Records drawn from a dataset
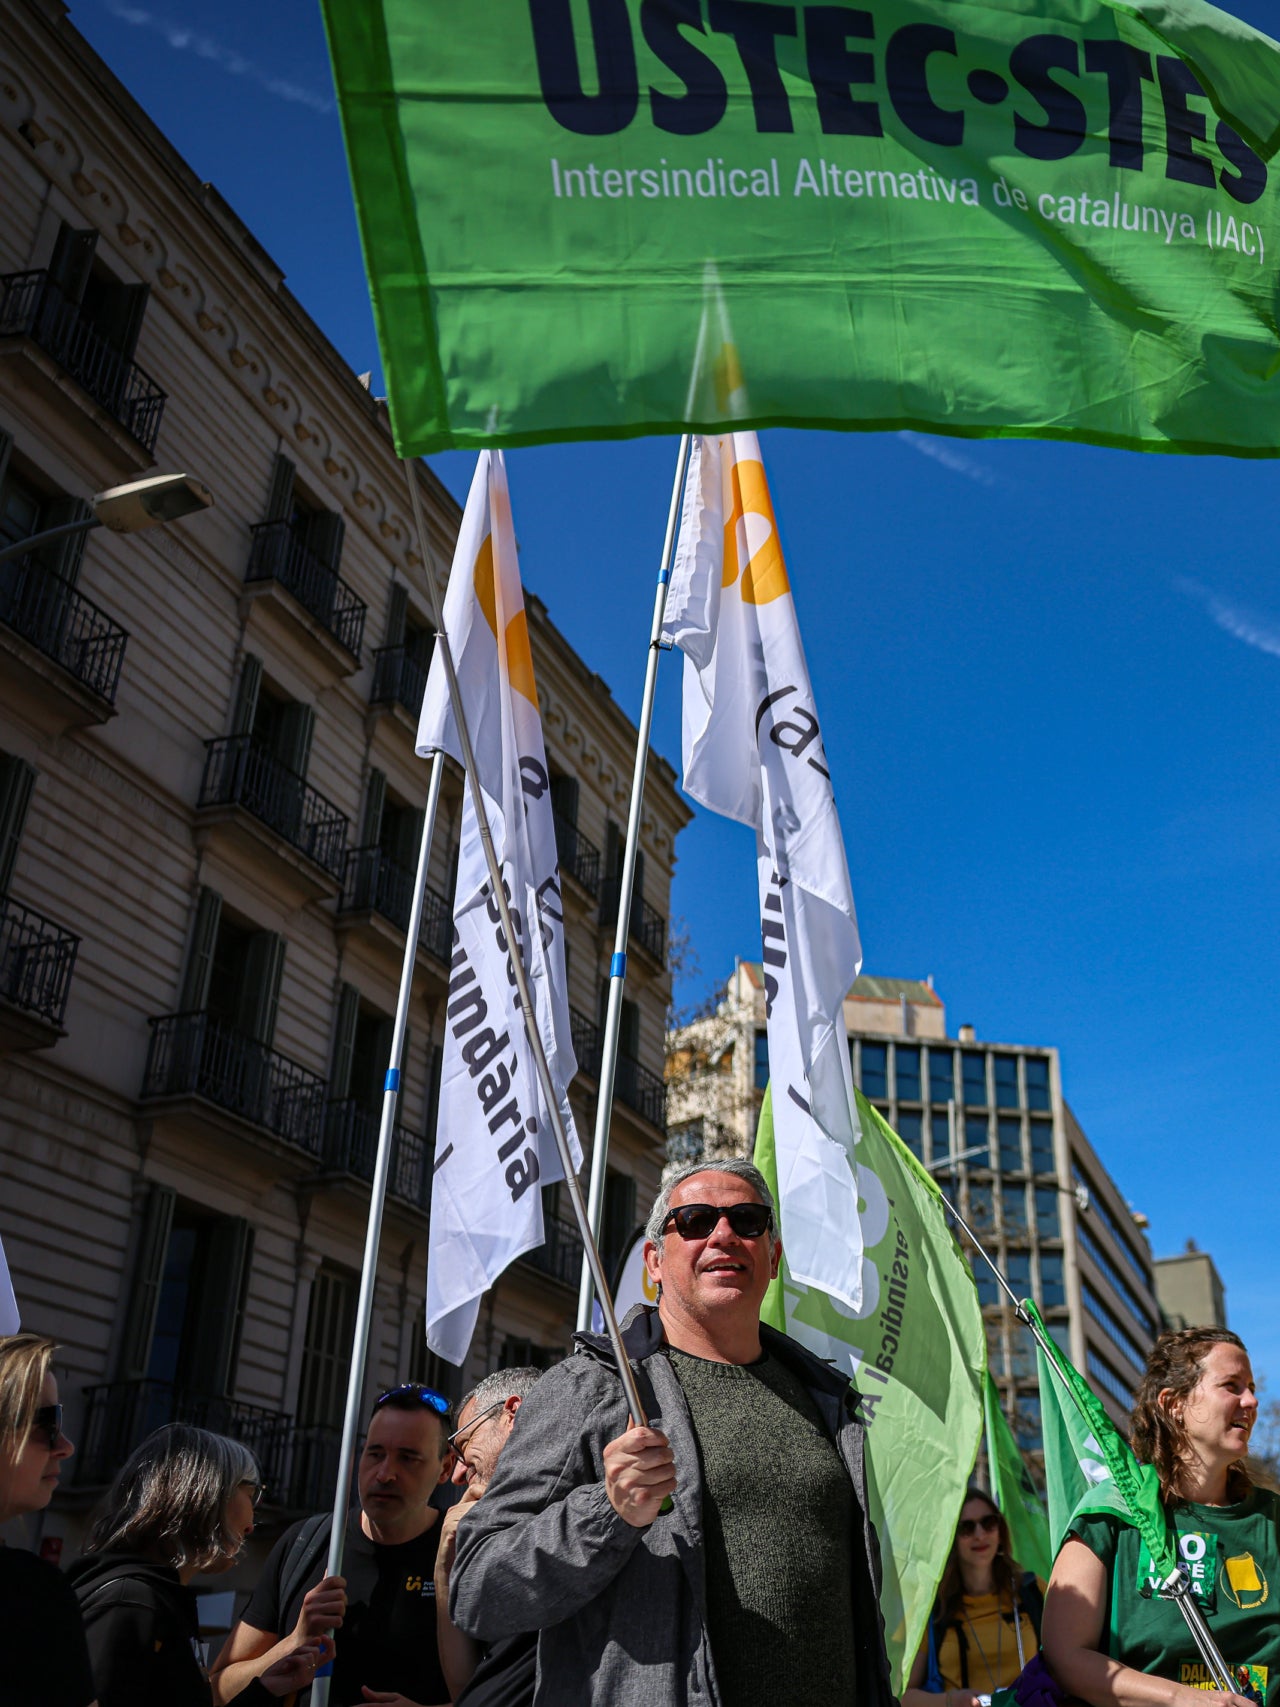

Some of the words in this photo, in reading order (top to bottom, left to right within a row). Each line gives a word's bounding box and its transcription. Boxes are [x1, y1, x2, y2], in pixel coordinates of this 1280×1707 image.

[549, 157, 780, 199] Intersindical
[793, 157, 980, 207] Alternativa
[992, 175, 1030, 212] de
[1205, 208, 1265, 266] (IAC)

• INSTRUCTIONS FOR THE TASK:
Pictures are to be dropped; every line of the records is to be returned unchanged.

• RESPONSE:
Some of the words in this photo, in reading order (top to bottom, left to right within a row). Each line gives a word's bounding box and its transcription. Boxes are [x1, y1, x2, y2], in pixel coordinates of this 1280×1707 image.

[549, 157, 780, 199] Intersindical
[793, 157, 980, 207] Alternativa
[992, 175, 1030, 212] de
[1205, 208, 1265, 266] (IAC)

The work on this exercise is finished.